> _Aim of the task_: When duplicating the records beneath this instruction, omit every picture and keep all else exact.

> _Text-to-region grounding data_:
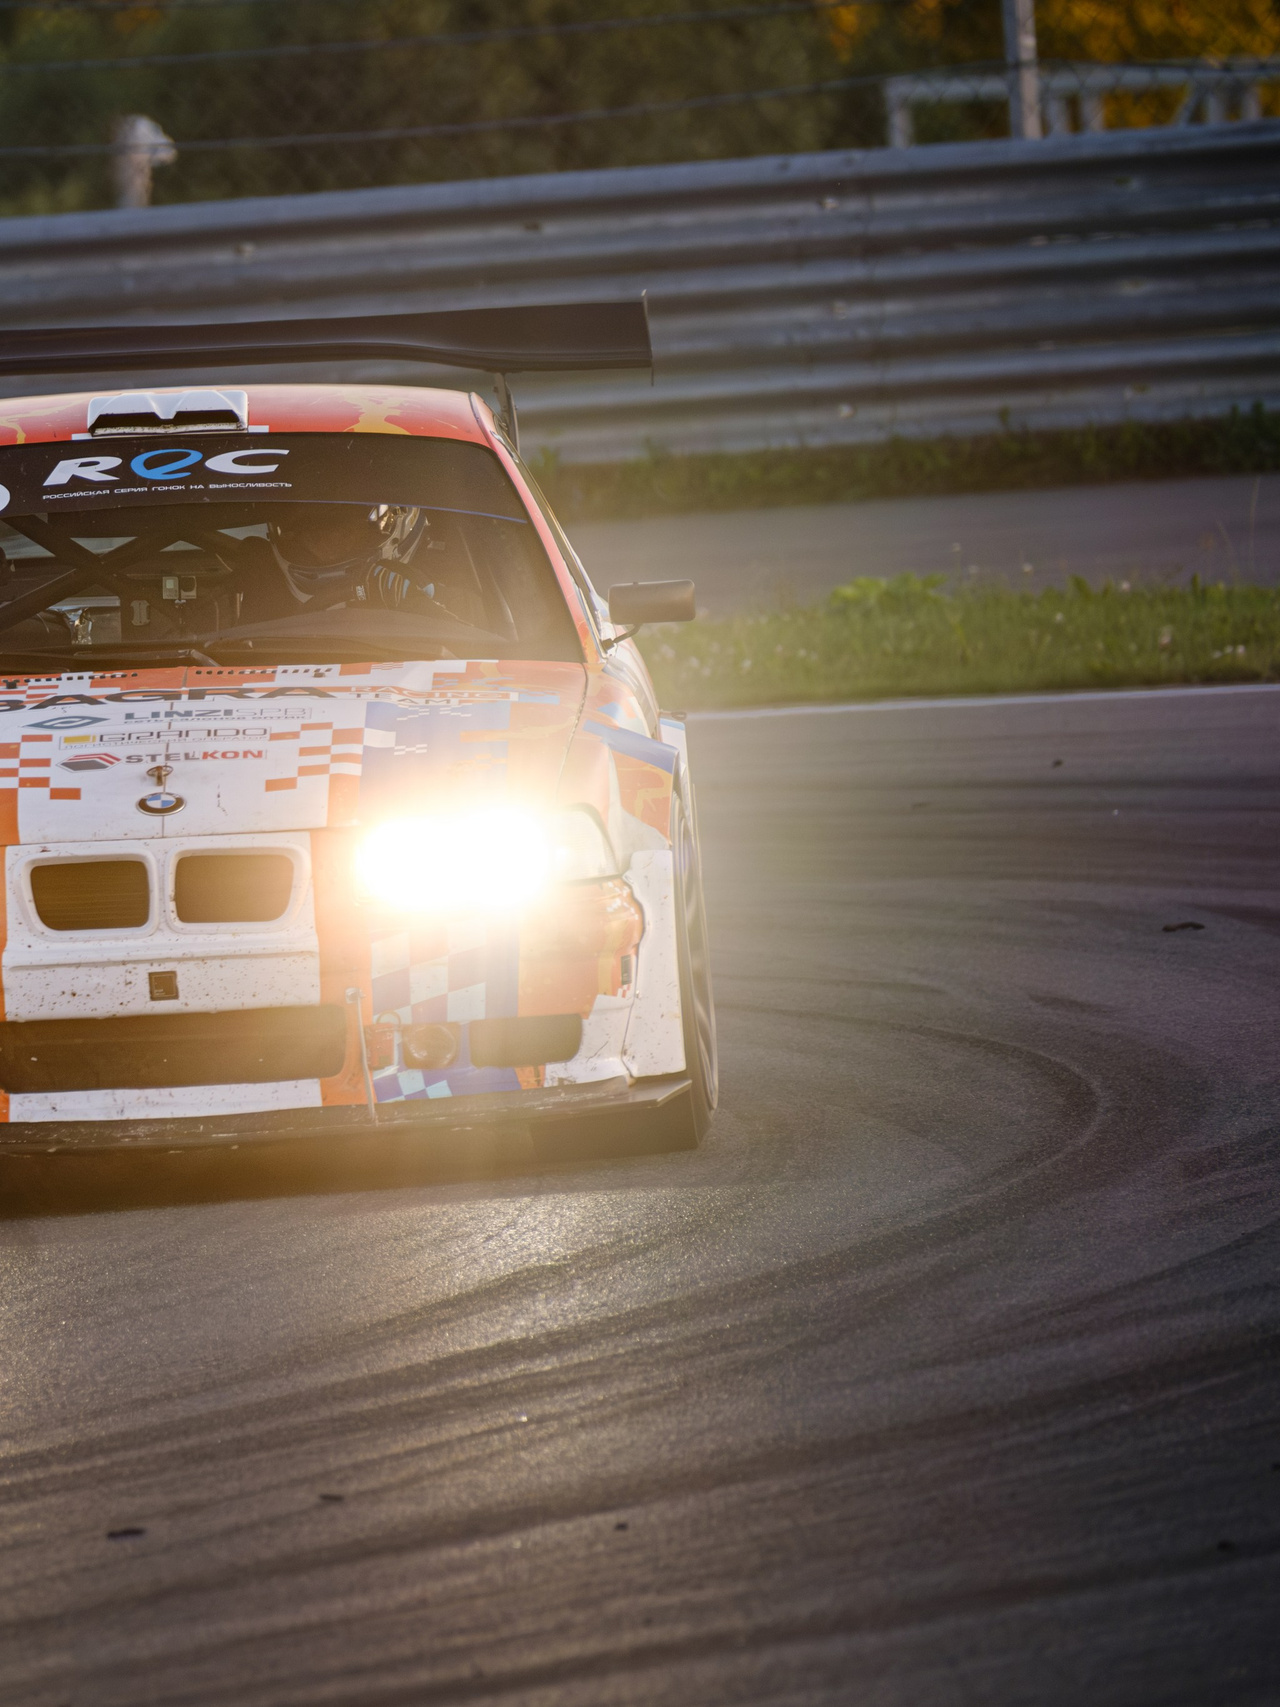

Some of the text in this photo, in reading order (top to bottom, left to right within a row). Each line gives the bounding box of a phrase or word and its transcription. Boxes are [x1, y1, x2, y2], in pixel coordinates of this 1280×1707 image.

[42, 488, 110, 500] РОССИЙСКАЯ
[114, 486, 148, 494] СЕРИЯ
[151, 484, 186, 492] ГОНОК
[208, 481, 292, 489] ВЫНОСЛИВОСТЬ
[350, 686, 503, 700] RACING
[350, 692, 451, 705] TEAM
[125, 750, 263, 764] STELKON

> _Output of the exercise_:
Some of the text in this photo, in reading order (top to bottom, left to right within a row). Each line gives the bounding box of a phrase or word and its transcription. Boxes are [x1, y1, x2, y2], in pixel coordinates of this 1280×1707 image.

[42, 488, 110, 500] РОССИЙСКАЯ
[114, 486, 148, 494] СЕРИЯ
[151, 484, 186, 492] ГОНОК
[208, 481, 292, 489] ВЫНОСЛИВОСТЬ
[350, 686, 503, 700] RACING
[350, 692, 451, 705] TEAM
[125, 750, 263, 764] STELKON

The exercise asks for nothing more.